A pedido do Governo do Estado de São Paulo, o juiz de turno no Tribunal Civil de São Paulo, Rodrigo Galvão Medina, emitiu uma medida cautelar na sexta-feira à noite em que “proíbe a realização de atos antagónicos no mesmo local e hora”, como os que estavam previstos para este domingo na Avenida Paulista.

A Justiça brasileira proibiu a realização no domingo de duas manifestações no centro de São Paulo, convocadas por movimentos a favor e contra o Presidente, Jair Bolsonaro, para o mesmo local e à mesma hora.

A pedido do Governo do Estado de São Paulo, o juiz de turno no Tribunal Civil de São Paulo, Rodrigo Galvão Medina, emitiu uma medida cautelar na sexta-feira à noite em que “proíbe a realização de atos antagónicos no mesmo local e hora”, como os que estavam previstos para este domingo na Avenida Paulista.

Na sua decisão, o juiz destaca que a medida pretende evitar confrontos e danos no património e delega nas “autoridades administrativas competentes” a concretização da sua decisão. ​​​​​​

“À luz de decisão judicial, a Secretaria da Segurança Pública e o Ministério Público estão em contacto com os organizadores da manifestação para chegarem a um consenso que garanta a segurança de todos e o direito à livre manifestação”, referiu o Governo do Estado de São Paulo.

Desde o início da pandemia de covid-19 e até sexta-feira foram contabilizados mais de 645.000 casos confirmados da doença e registados mais de 35.000 mortos no país.

Quase todos os fins de semana, apoiantes de Bolsonaro têm organizado caravanas e marchas em alguma cidades brasileiras, nomeadamente em São Paulo e em Brasília.

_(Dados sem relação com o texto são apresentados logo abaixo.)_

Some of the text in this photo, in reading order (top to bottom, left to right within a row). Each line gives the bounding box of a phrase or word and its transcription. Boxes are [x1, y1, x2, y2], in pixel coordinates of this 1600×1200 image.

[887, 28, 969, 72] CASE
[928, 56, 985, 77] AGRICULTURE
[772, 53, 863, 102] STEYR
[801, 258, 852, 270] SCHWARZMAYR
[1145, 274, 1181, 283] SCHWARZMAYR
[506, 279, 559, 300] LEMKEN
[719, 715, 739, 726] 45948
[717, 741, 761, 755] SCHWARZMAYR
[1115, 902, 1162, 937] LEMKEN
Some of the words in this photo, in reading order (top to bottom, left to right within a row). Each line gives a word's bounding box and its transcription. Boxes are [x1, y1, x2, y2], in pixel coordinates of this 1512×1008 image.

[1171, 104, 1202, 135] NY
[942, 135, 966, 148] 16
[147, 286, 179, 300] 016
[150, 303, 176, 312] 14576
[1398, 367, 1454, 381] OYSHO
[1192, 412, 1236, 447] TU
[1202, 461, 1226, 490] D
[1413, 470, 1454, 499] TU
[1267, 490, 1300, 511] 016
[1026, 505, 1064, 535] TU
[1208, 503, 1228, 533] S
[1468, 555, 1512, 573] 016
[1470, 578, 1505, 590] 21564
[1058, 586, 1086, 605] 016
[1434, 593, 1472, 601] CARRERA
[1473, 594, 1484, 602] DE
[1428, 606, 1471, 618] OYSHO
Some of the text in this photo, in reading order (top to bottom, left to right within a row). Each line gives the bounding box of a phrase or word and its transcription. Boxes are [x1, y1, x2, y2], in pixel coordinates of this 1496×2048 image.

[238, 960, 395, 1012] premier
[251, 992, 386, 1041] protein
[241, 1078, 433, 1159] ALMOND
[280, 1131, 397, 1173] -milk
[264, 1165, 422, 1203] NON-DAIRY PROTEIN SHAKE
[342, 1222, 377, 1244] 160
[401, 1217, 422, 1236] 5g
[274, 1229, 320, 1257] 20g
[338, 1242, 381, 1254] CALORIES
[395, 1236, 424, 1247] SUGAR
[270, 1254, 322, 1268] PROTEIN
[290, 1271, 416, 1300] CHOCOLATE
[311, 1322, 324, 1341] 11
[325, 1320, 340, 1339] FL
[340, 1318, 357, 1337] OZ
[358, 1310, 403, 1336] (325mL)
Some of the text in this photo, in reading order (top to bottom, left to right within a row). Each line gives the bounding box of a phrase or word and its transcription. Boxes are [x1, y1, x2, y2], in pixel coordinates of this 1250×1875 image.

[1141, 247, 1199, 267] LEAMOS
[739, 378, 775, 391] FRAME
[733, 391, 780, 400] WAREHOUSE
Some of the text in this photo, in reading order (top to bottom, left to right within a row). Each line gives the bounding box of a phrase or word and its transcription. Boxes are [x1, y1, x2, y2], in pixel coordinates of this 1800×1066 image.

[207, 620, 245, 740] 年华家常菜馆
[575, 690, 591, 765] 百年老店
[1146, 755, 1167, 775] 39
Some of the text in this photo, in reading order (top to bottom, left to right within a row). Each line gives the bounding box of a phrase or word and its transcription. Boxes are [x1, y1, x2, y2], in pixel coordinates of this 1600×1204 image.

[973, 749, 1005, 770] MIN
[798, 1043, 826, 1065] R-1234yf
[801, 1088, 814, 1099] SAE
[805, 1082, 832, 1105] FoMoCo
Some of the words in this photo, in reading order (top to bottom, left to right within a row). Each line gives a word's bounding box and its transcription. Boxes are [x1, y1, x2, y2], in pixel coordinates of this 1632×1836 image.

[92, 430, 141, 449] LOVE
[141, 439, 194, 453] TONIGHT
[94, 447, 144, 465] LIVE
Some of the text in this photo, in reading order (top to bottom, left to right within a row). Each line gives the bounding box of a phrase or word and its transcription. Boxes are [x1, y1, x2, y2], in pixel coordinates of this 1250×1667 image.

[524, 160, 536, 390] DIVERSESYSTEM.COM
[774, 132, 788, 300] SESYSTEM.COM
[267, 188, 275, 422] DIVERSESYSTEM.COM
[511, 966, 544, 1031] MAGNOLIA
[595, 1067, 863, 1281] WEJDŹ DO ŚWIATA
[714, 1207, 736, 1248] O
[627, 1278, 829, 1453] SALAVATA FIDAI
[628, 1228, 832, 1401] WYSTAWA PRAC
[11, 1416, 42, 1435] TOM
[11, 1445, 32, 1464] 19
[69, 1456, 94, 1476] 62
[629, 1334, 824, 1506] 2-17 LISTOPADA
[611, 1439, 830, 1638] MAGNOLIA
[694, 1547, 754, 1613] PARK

As manifestações convocadas contra o Supremo Tribunal e o Congresso têm contrariado as medidas de isolamento social e a quarentena decretada pelos Governos locais para evitar aglomerações e o próprio Presidente, algumas vezes sem máscara ou outro tipo de proteção, tem estado presente.

A pandemia de covid-19 já provocou mais de 395 mil mortos e infetou mais de 6,7 milhões de pessoas em 196 países e territórios, segundo o balanço feito pela agência francesa AFP.

O Brasil é o país lusófono mais afetado pela pandemia e um dos mais atingidos no mundo, ao contabilizar o segundo número de infetados (mais de 645 mil, atrás dos Estados Unidos) e o terceiro de mortos (35.026, depois de Estados Unidos e Reino Unido).

A doença é transmitida por um novo coronavírus detetado no final de dezembro, em Wuhan, uma cidade do centro da China.

Depois de a Europa ter sucedido à China como centro da pandemia em fevereiro, o continente americano passou a ser o que tem mais casos confirmados, embora com menos mortes.